Jawaban dari istrinya sontak membuat ia berhenti meneguk sake. Banyak orang yang ketergantungan menggunakan kairo, seperti sudah menjadi kebiasaan yang sulit ditinggalkan. Termasuk ayah Hibiki yang biasanya selalu menempelkan kairo pada punggung dan telapak kakinya setiap saat selama musim dingin untuk menjaga suhu tubuhnya tetap hangat.

“Hibiki, belikan ayah kairo”

“Ehh..” Hibiki mengeluarkan nada mengeluh. Ia tidak ingin mengeluarkan kakinya dari dalam kotatsu yang sangat nyaman ini.

*Kotatsu : meja traditional Jepang dengan penghangat listrik pada bagian bawah meja, dan ditutupi oleh selimut tebal

*Kairo : merek terkenal untuk stiker penghangat yang ditempelkan pada pakaian atau bagian tubuh

*Sake : Arak Jepang

***

Jarak dari rumah Hibiki ke minimarket sekitar 10 menit menggunakan sepeda. Hoodie coklat muda dan celana putih hitam bermotif kotak-kotak melengkapi gaya santainya siang ini. Gaya rambut panjang yang dikepang ke samping menghindarinya dari terpaan angin saat menggowes sepeda yang akan membuatnya kusut.

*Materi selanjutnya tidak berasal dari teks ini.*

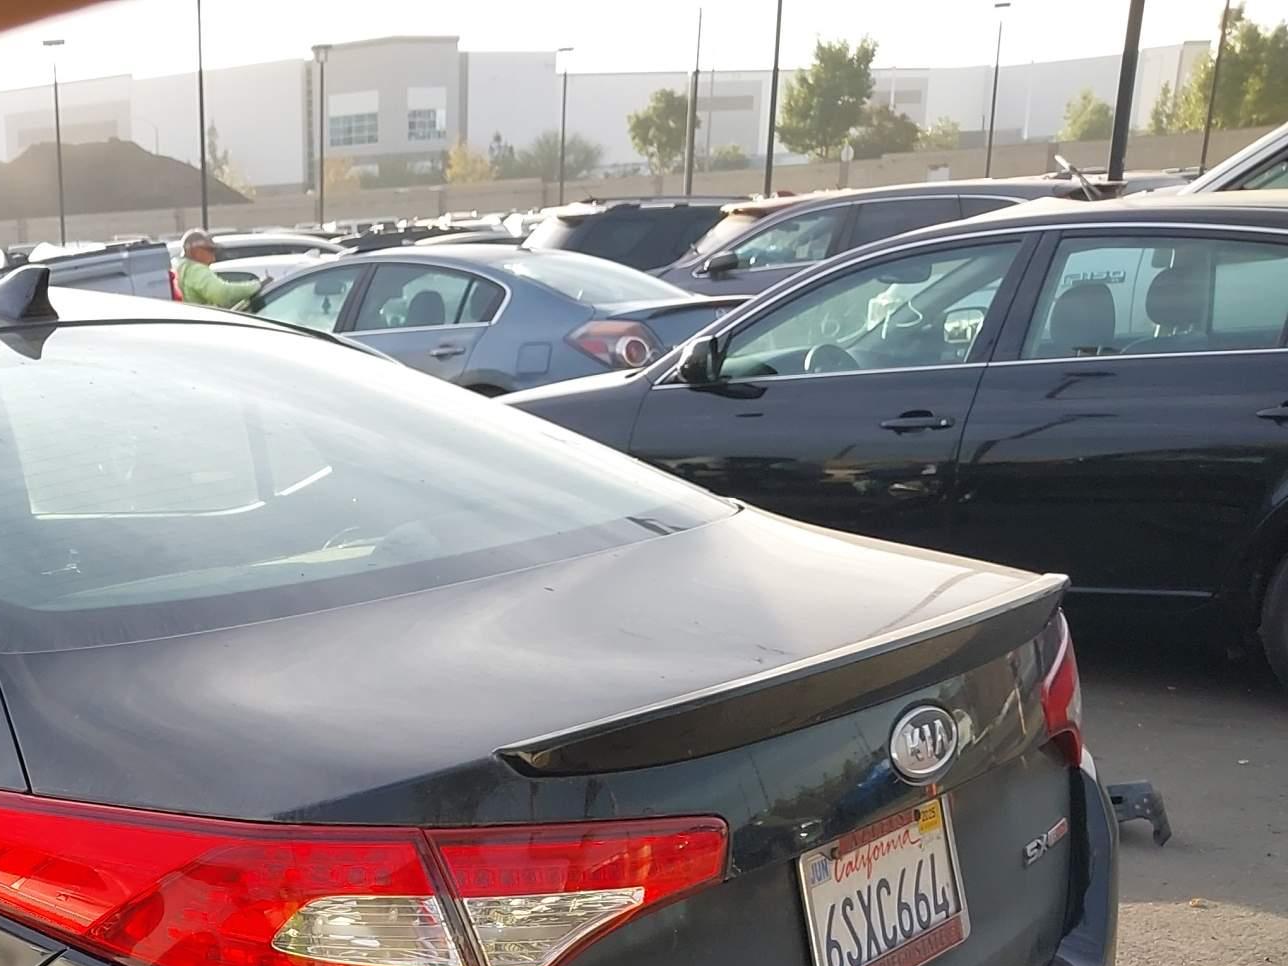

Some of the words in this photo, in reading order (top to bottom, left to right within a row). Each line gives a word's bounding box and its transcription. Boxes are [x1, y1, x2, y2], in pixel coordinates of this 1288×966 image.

[902, 719, 952, 761] KIA
[810, 857, 829, 885] JUN
[834, 828, 921, 883] California
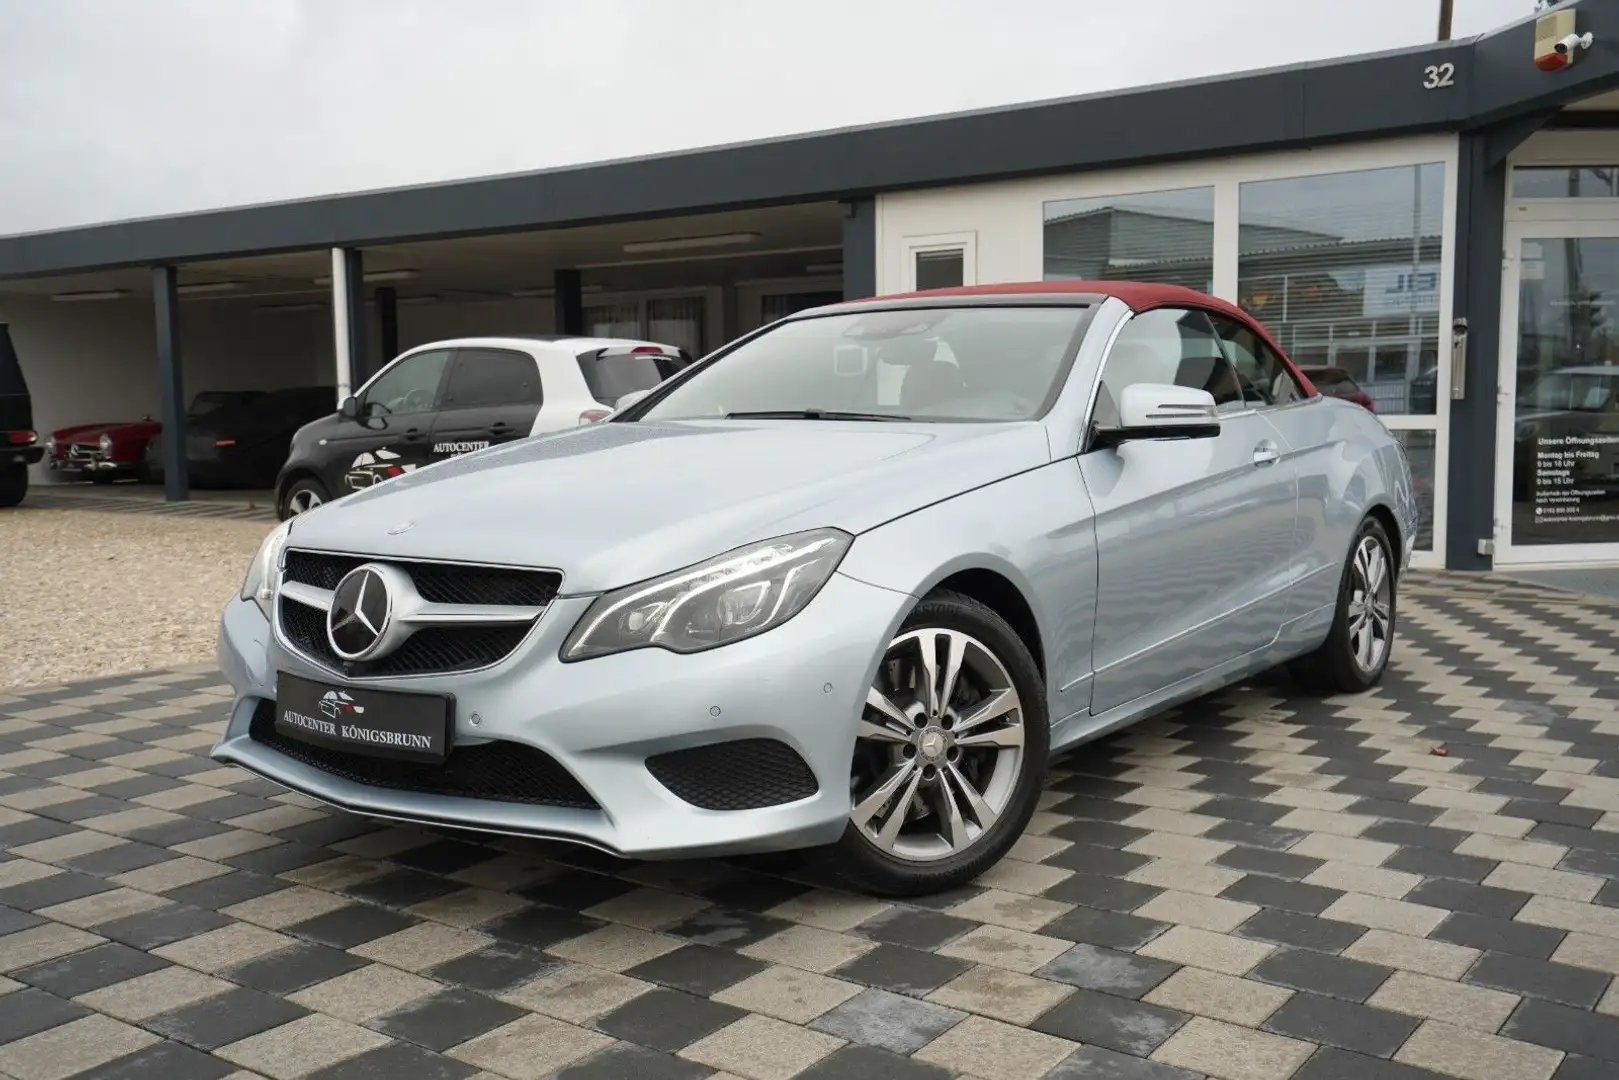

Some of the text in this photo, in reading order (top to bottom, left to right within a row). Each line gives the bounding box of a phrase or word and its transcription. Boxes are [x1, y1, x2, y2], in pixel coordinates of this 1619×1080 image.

[1423, 62, 1455, 90] 32
[434, 441, 490, 453] AUTOCENTER
[1576, 451, 1599, 459] Freitag
[283, 709, 432, 749] AUTOCENTER KÖNIGSBRUNN
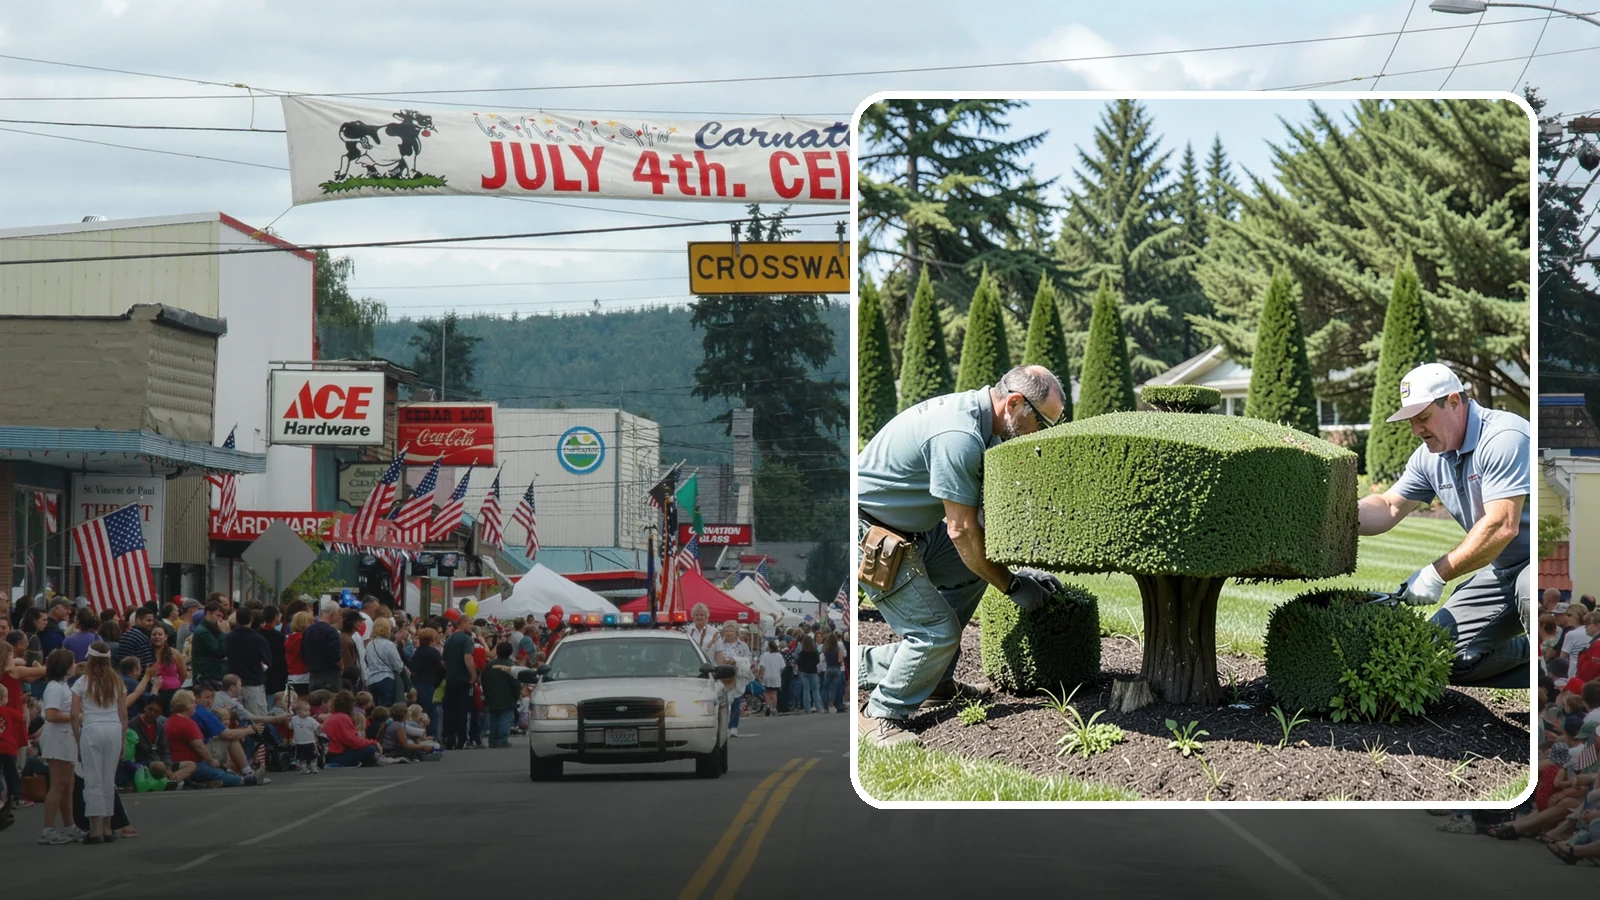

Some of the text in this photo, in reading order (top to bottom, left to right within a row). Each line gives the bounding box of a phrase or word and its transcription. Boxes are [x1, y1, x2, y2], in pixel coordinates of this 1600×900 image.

[481, 141, 605, 192] JULY
[632, 150, 746, 197] 4th.
[697, 254, 851, 280] CROSSWA
[283, 380, 373, 420] ACE
[406, 409, 485, 422] CEDAR LOG
[283, 421, 371, 437] Hardware
[416, 428, 477, 447] Coca-Cola
[83, 485, 155, 495] St. Vincent de Paul
[688, 526, 741, 535] CRNATION
[699, 535, 730, 543] GLASS

Matanya lagi-lagi melirik sebuah bangunan tua di perempatan jalan yang selalu ia lewati ketika pergi ke minimarket. Didominasi warna coklat tua dengan gaya klasik ala eropa tahun 70an, bangunan itu selalu berhasil menarik perhatiannya. Bangunan tua itu adalah sebuah coffee shop bernama Let It Be. Meskipun penasaran dengan atmosfer di dalamnya, namun ia belum memiliki waktu yang tepat untuk mengunjunginya.

Sepulang dari minimarket, Hibiki memutuskan untuk mampir ke coffee shop tersebut. Ia ingin mengobati rasa penasarannya selama ini. Lagipula kairo bukanlah hal mendesak yang akan segera dipakai. Paling-paling ayahnya akan memakainya nanti malam.

Hibiki memarkirkan sepedanya dan berdiri memaku di depan pintu masuk coffee shop. Ia memerhatikan segala sudut bangunan tersebut sambil menikmati aroma khas kopi dari dalam yang tercium sampai ke tempatnya berdiri sekarang ini.